So the expectation was, John, that this deal would be reached, even though it would be a last-minute deal. So there is relief, but not surprise.

JOHN DEFTERIOS, CNN EMERGING MARKETS EDITOR: Indeed, and Hala in Hong Kong after spending time at the world energy Congress in South Korea, where we spoke to some major leaders about this debt crisis, I will get to that in just a moment.

So, we've seen an Asian market rally, but this is well off the highs for the day. Let's take the screen shot again. The Nikkei was trading better than one percent, and most of these markets were trading a half if not three quarters of a percent, going back to the opening hours in Asia. We saw dollar-backed assets rising, as well. Gold up $5 an ounce, and that is trailed off. We saw the dollar stronger against the Japanese yen. That has trailed off. What is that China's even oil coming off of the highs for the day.

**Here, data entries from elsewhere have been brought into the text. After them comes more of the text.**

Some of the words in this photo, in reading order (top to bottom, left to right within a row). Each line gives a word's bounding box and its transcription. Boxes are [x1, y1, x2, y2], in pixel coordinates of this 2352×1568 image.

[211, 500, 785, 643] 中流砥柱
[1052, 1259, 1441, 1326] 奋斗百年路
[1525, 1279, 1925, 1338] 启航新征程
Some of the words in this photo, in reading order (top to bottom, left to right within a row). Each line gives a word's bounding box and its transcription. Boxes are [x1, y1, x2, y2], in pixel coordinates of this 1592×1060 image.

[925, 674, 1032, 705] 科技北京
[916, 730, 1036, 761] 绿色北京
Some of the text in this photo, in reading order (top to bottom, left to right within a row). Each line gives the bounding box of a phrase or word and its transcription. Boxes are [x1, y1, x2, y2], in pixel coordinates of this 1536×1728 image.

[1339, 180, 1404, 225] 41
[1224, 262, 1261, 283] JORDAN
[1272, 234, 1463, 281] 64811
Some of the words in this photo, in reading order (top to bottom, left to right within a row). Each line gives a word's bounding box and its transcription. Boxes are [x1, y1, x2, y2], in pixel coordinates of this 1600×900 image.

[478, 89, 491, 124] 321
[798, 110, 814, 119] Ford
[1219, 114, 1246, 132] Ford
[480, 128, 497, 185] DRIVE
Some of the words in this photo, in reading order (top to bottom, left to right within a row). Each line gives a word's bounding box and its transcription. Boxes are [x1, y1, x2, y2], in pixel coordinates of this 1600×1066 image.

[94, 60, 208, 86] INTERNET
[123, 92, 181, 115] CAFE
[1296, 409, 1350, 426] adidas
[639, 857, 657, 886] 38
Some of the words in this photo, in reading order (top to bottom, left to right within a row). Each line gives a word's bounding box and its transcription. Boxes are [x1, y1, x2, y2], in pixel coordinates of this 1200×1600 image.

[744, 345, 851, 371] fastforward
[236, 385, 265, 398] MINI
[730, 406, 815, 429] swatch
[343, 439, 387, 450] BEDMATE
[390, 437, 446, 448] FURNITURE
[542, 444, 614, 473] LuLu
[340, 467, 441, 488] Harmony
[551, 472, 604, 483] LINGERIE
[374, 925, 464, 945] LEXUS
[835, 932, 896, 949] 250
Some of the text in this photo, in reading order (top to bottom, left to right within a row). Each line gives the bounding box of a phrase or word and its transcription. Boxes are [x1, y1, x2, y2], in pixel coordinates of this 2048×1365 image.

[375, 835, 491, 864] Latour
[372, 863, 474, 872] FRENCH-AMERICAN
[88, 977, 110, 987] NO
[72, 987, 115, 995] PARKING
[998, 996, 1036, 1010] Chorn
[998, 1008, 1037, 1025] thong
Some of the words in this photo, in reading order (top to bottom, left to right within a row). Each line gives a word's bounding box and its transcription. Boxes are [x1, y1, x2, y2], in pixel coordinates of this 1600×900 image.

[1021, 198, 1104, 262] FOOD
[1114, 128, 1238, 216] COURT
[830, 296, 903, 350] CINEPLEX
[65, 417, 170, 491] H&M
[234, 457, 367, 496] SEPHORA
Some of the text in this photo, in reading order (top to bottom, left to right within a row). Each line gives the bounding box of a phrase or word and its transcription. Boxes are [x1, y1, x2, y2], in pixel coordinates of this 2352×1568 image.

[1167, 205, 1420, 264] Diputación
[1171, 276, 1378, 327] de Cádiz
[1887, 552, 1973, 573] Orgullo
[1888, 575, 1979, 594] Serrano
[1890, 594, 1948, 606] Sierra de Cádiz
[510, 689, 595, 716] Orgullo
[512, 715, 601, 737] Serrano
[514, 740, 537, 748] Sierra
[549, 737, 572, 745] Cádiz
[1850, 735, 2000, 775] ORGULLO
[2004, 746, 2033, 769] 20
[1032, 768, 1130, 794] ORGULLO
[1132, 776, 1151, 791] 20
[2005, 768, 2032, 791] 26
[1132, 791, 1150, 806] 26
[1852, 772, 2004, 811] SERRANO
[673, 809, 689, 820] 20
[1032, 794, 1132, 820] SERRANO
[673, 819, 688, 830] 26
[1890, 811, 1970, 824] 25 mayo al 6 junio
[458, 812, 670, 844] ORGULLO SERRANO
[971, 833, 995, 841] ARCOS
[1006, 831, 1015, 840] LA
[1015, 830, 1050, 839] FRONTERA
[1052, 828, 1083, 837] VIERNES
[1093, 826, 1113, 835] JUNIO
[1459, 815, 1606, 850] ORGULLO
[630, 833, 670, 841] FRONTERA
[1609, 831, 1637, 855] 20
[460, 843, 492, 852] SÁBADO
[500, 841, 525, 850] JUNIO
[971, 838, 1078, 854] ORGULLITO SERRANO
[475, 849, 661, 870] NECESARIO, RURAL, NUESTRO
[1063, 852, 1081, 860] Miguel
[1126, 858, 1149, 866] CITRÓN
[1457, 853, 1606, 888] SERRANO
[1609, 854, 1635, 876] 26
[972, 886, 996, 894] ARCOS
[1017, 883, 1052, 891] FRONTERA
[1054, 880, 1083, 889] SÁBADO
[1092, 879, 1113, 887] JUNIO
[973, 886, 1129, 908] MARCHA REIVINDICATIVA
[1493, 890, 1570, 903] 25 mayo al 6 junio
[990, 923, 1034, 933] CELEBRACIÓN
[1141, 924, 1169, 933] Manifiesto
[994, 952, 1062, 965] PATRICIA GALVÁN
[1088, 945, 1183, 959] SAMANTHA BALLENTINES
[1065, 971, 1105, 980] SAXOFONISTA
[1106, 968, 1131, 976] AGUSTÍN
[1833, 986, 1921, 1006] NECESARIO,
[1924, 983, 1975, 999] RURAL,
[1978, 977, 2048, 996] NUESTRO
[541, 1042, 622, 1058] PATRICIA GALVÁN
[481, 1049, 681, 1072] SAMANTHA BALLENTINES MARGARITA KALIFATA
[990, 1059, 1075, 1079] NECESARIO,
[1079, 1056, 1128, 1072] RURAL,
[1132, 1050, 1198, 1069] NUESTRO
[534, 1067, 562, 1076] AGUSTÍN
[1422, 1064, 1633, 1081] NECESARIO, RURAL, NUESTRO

There is relief about the rally, but it is not helping the dollar- based assets right now. Investors were not surprised the deal was done, but they are going to be pushing that problem down into January and February again, consternation that the U.S. cannot get its House in order is the buzz word here, in Asia. It is the same thing throughout the emerging markets, as well, Hala.

A disappointment that time and again, this comes back to the table. Now, if you're looking for a silver lining ahead of this deal, is that the Federal Reserve has been very supportive, accommodating for a quantitative easing over the last three years during the financial crisis. There is talk of them pulling back at the end of September, maybe October, maybe November. With this sort of uncertainty in January and February, it is very unlikely that the new chairwoman of the Federal Reserve, Janet Yellen, can come forth and pull out that quantitative easing with so much uncertainty. There is a report this week that global developed market growth is just one percent in 2013. U.S. is going just over two percent. They can't afford to create that sort of uncertainty after this budget debacle, Hala.

GORANI: All right, John Defterios. Thanks very much with international reaction -- John?

VAUSE: OK. Hala said that is how the markets in Asia have been reacting. The bigger question, though, what about the world's second largest economy? We'll go live to Beijing, coming up.


VAUSE: Welcome back as to CNN NEWSROOM. Our continuing coverage of the debt ceiling resolution now. The world has not ended.

GORANI: No, it has not. That say, we were sort of against it there. We were almost over the precipice over the cliff, but finally in the end, as expected, a last-minute deal.

China, of course has been closely watching this debt drama, China is the biggest foreign holder of U.S. debt. So the stakes for Beijing are very high.

And as David McKenzie reports, the world's second largest economy may have realized some unexpected dividends because from the U.S. shutdown.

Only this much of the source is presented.